[THE PROBLEM] Transcribe all records exactly; omit pictures.
# # # # #
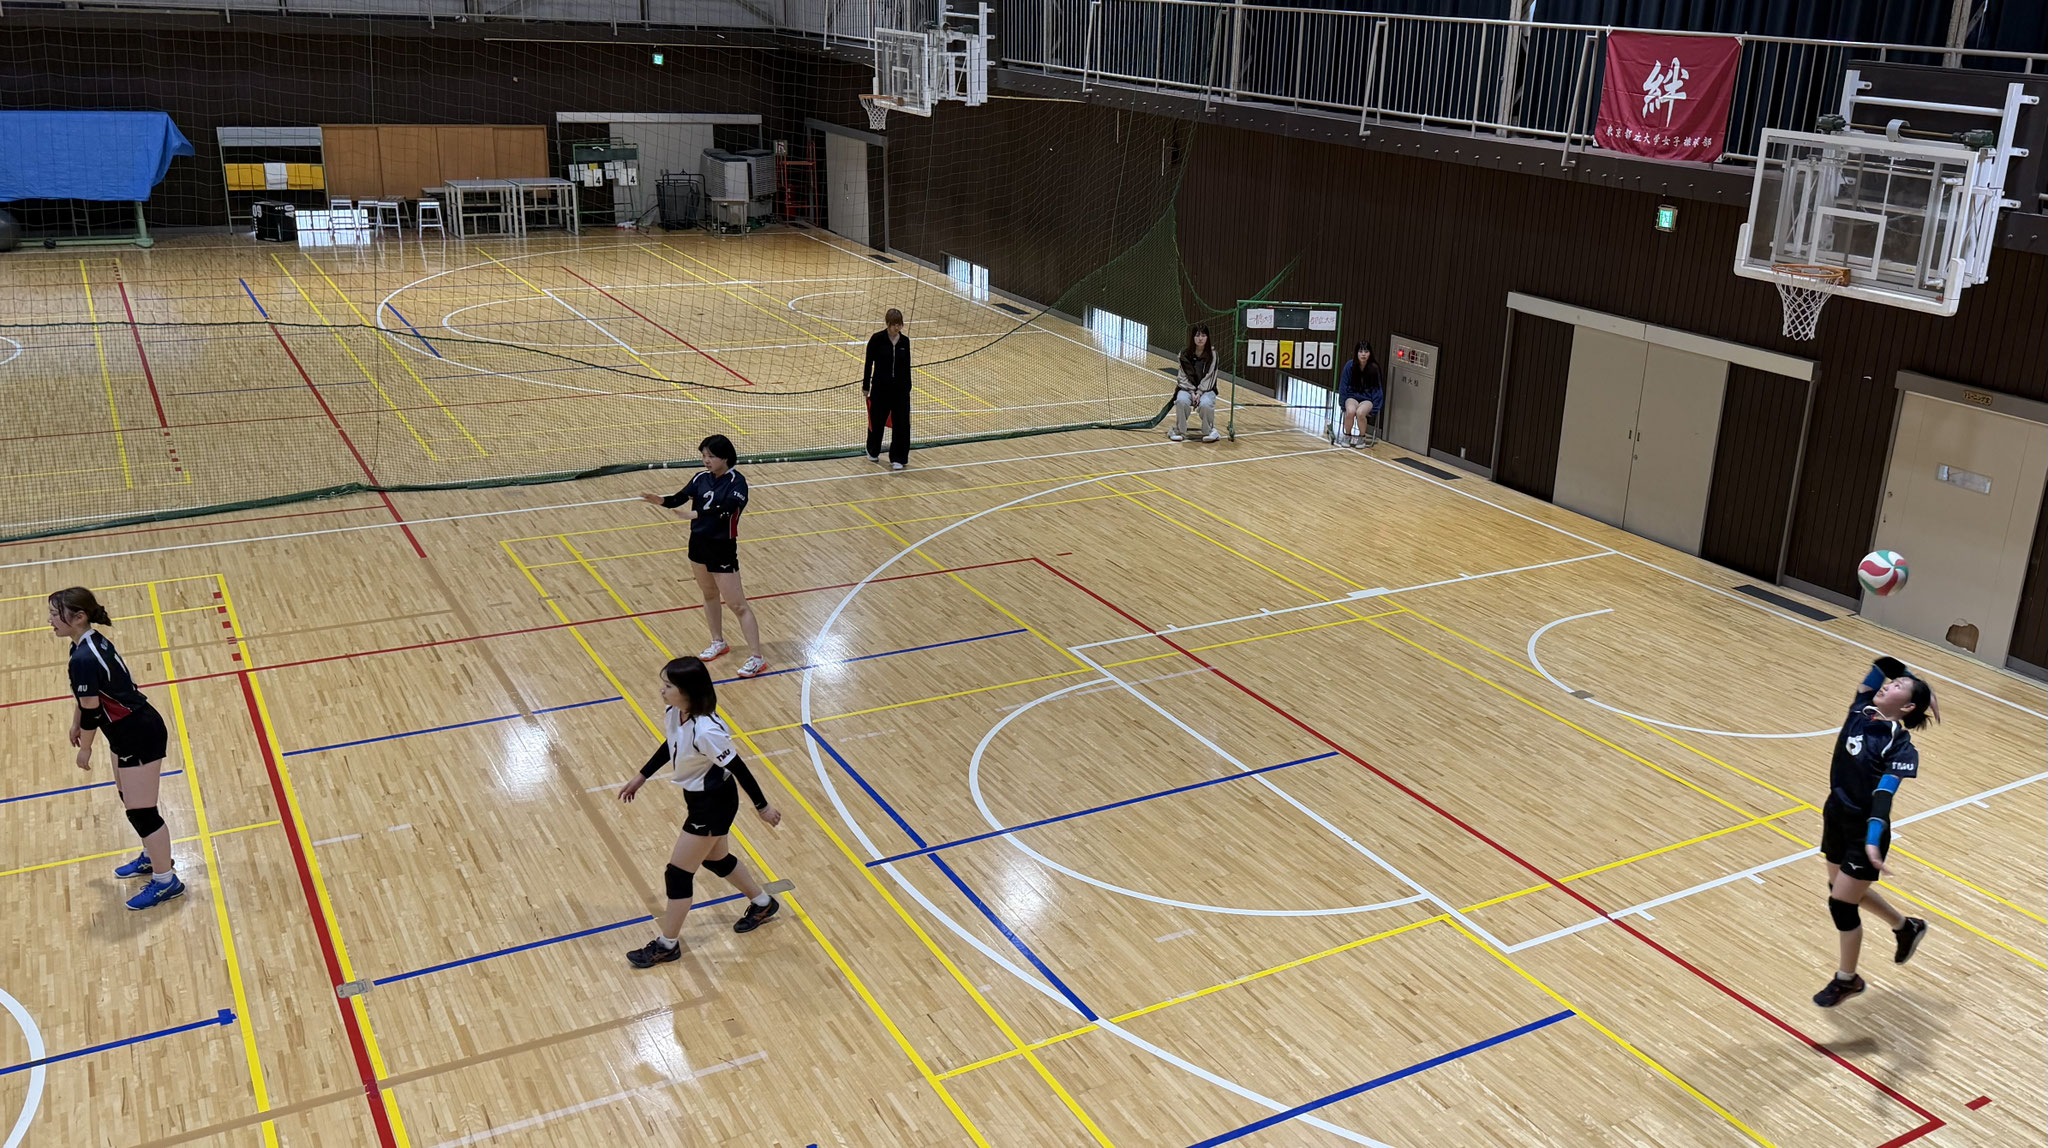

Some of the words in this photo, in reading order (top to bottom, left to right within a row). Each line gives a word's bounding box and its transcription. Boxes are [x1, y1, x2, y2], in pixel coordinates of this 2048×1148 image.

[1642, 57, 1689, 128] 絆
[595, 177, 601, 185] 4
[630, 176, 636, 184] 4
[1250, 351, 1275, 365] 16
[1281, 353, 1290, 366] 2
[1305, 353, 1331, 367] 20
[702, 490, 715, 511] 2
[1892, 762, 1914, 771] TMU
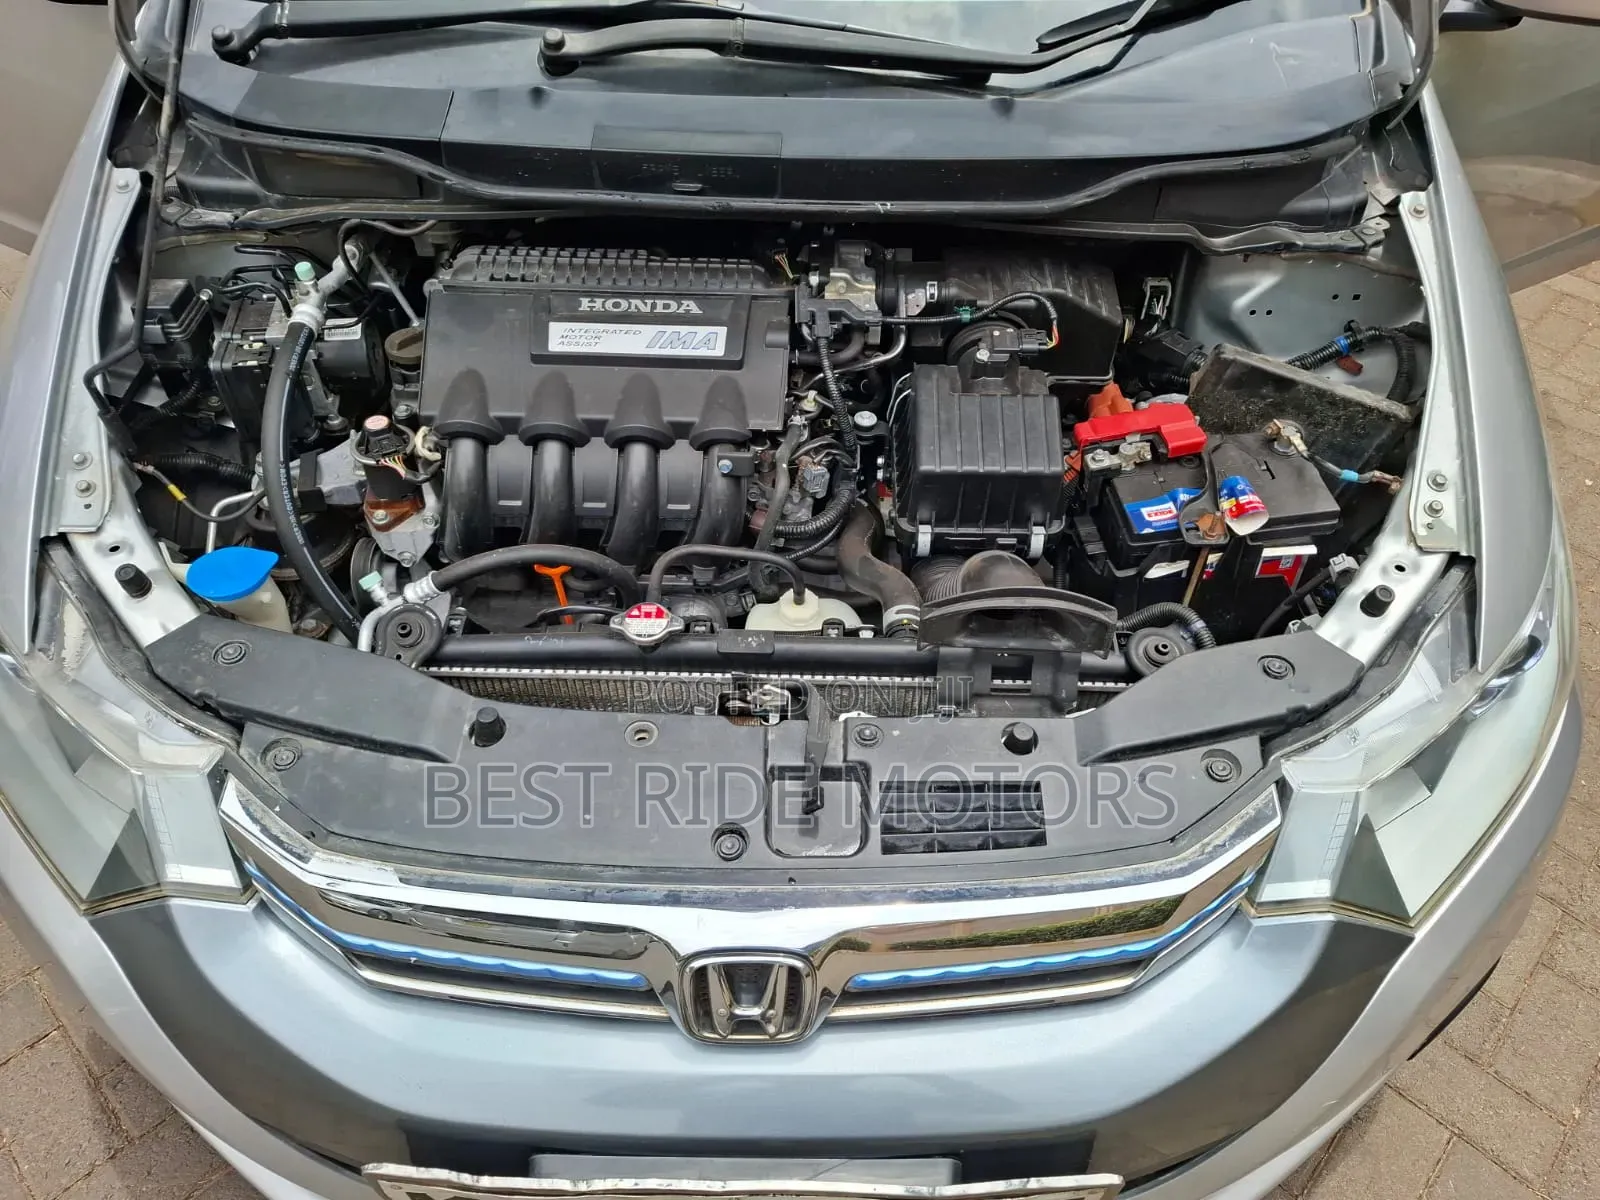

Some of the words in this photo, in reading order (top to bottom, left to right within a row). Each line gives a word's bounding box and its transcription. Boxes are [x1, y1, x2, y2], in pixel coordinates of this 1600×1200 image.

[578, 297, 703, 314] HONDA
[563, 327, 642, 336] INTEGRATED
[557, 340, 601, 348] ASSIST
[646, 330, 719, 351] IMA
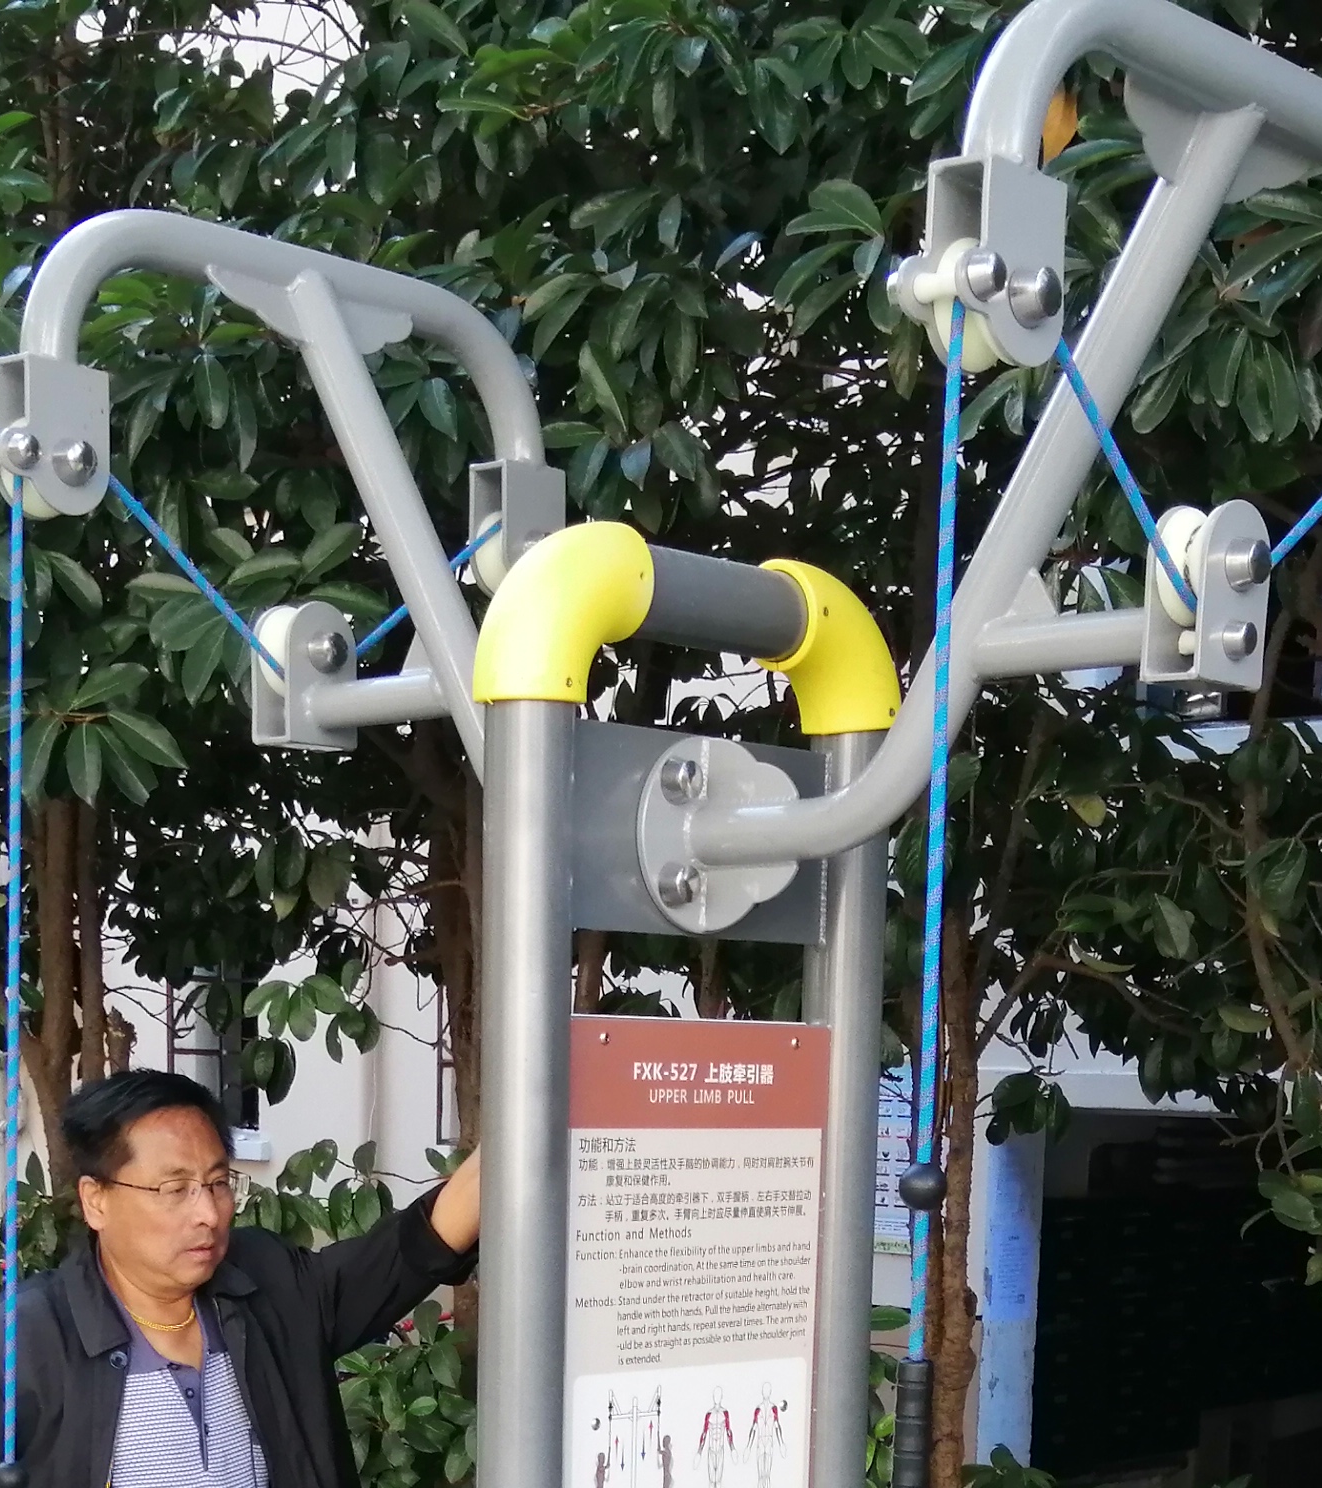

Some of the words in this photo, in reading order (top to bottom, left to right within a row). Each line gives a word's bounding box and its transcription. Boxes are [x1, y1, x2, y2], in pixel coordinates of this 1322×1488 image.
# # # # #
[RESPONSE]
Some of the words in this photo, in reading order (top to bottom, left to right within a row). Each line gives a word's bounding box and its transcription. Boxes are [x1, y1, x2, y2], in pixel coordinates of this 2048×1148 image.

[1642, 57, 1689, 128] 絆
[595, 177, 601, 185] 4
[630, 176, 636, 184] 4
[1250, 351, 1275, 365] 16
[1281, 353, 1290, 366] 2
[1305, 353, 1331, 367] 20
[702, 490, 715, 511] 2
[1892, 762, 1914, 771] TMU

Some of the words in this photo, in reading order (top to bottom, left to right within a row). Each line gives a word's bounding box and its transcription. Boxes are [x1, y1, x2, y2], in pixel coordinates of this 1600×1200 image.

[578, 297, 703, 314] HONDA
[563, 327, 642, 336] INTEGRATED
[557, 340, 601, 348] ASSIST
[646, 330, 719, 351] IMA

Some of the words in this photo, in reading order (top to bottom, left to right within a row). Each line gives a word's bounding box and its transcription. Boxes are [x1, y1, x2, y2], in pixel coordinates of this 1322×1488 image.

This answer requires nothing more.